Extracted data entries:
====================

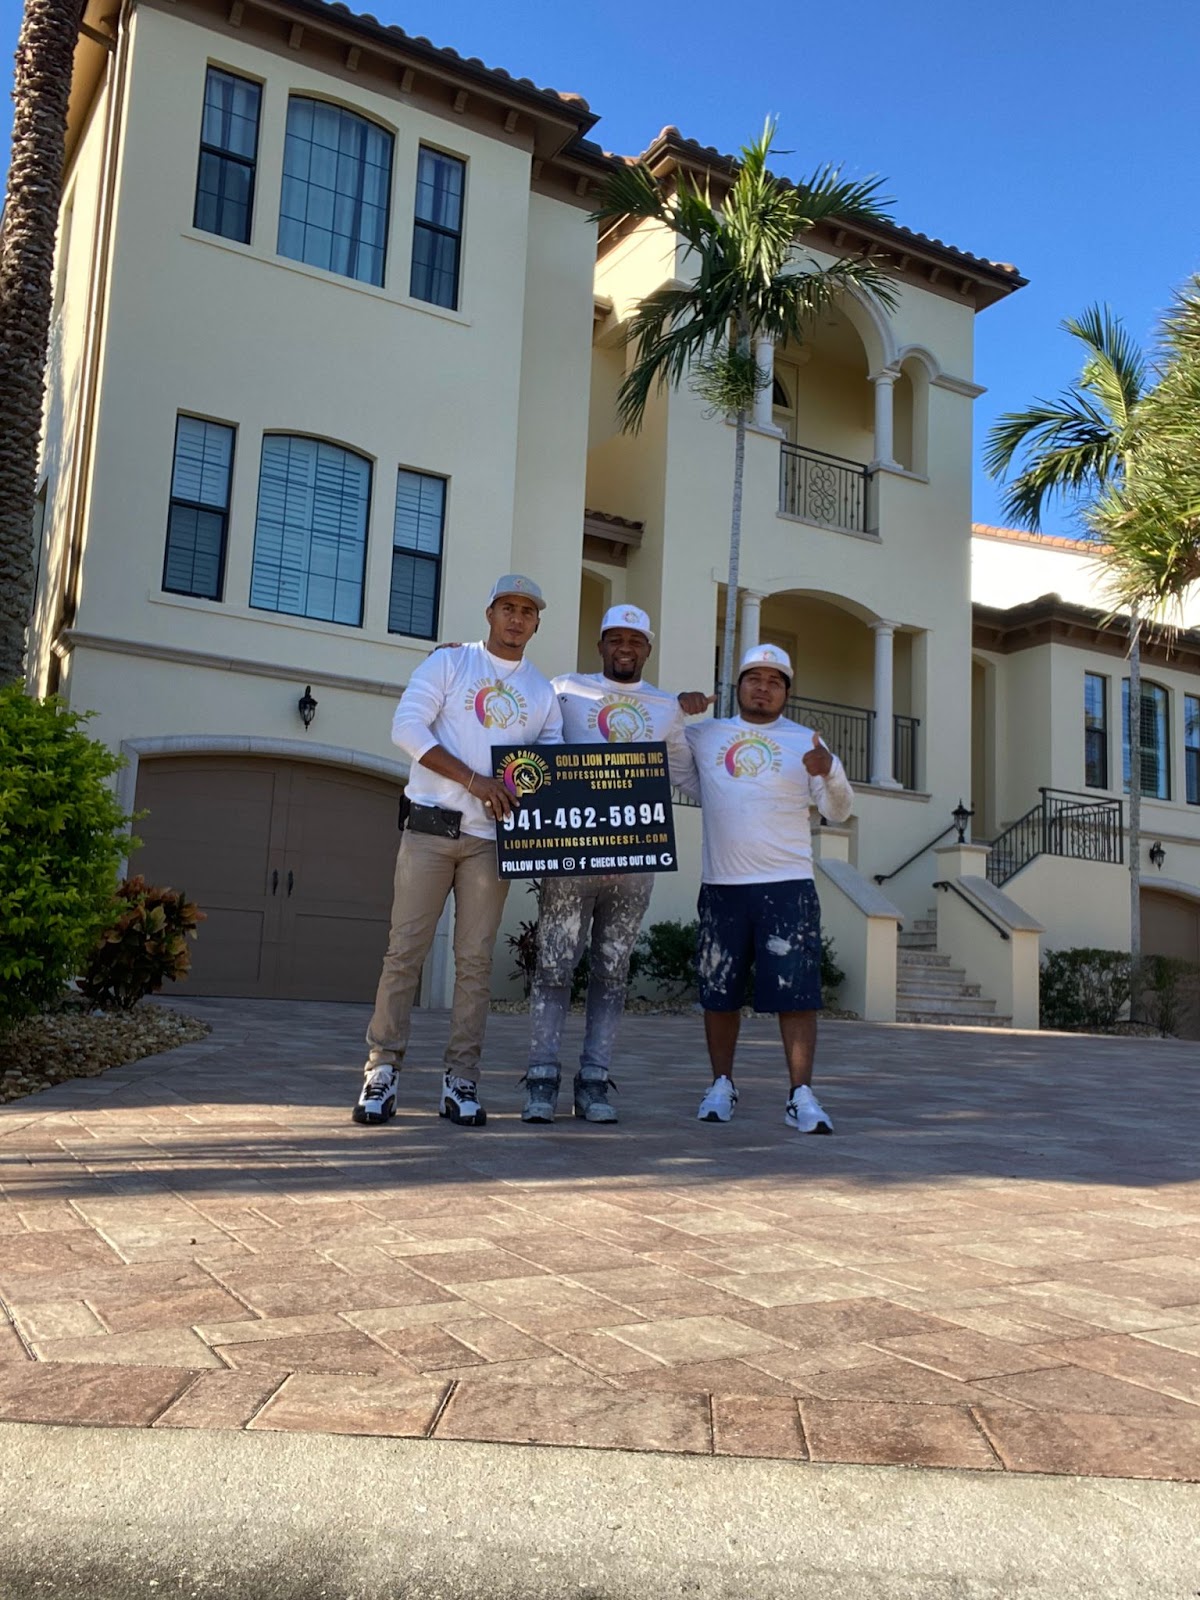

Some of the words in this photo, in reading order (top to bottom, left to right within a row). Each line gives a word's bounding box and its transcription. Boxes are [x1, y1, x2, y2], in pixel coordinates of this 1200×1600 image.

[465, 688, 477, 711] GOLD
[519, 712, 528, 727] INC
[500, 753, 516, 768] LION
[517, 750, 549, 771] PAINTING
[543, 772, 552, 786] INC
[555, 754, 580, 767] GOLD
[581, 753, 603, 766] LION
[604, 752, 646, 766] PAINTING
[647, 752, 664, 765] INC
[556, 769, 621, 781] PROFESSIONAL
[624, 767, 666, 778] PAINTING
[590, 779, 633, 790] SERVICES
[503, 802, 666, 831] 941-462-5894
[504, 833, 668, 850] LIONPAINTINGSERVICESFL.COM
[502, 859, 534, 872] FOLLOW
[535, 859, 546, 871] US
[547, 859, 559, 870] ON
[590, 856, 617, 868] CHECK
[617, 855, 628, 867] US
[629, 855, 645, 867] OUT
[646, 854, 657, 866] ON

====================

INSTRUCTIONS TO FOLLOW: With the pictures omitted, reproduce the records in full and exactly.

WRITTEN SOLUTION:
Some of the words in this photo, in reading order (top to bottom, left to right within a row). Each line gives a word's bounding box and its transcription. Boxes are [x1, y1, x2, y2], in pixel coordinates of this 1200×1600 image.

[465, 688, 477, 711] GOLD
[519, 712, 528, 727] INC
[500, 753, 516, 768] LION
[517, 750, 549, 771] PAINTING
[543, 772, 552, 786] INC
[555, 754, 580, 767] GOLD
[581, 753, 603, 766] LION
[604, 752, 646, 766] PAINTING
[647, 752, 664, 765] INC
[556, 769, 621, 781] PROFESSIONAL
[624, 767, 666, 778] PAINTING
[590, 779, 633, 790] SERVICES
[503, 802, 666, 831] 941-462-5894
[504, 833, 668, 850] LIONPAINTINGSERVICESFL.COM
[502, 859, 534, 872] FOLLOW
[535, 859, 546, 871] US
[547, 859, 559, 870] ON
[590, 856, 617, 868] CHECK
[617, 855, 628, 867] US
[629, 855, 645, 867] OUT
[646, 854, 657, 866] ON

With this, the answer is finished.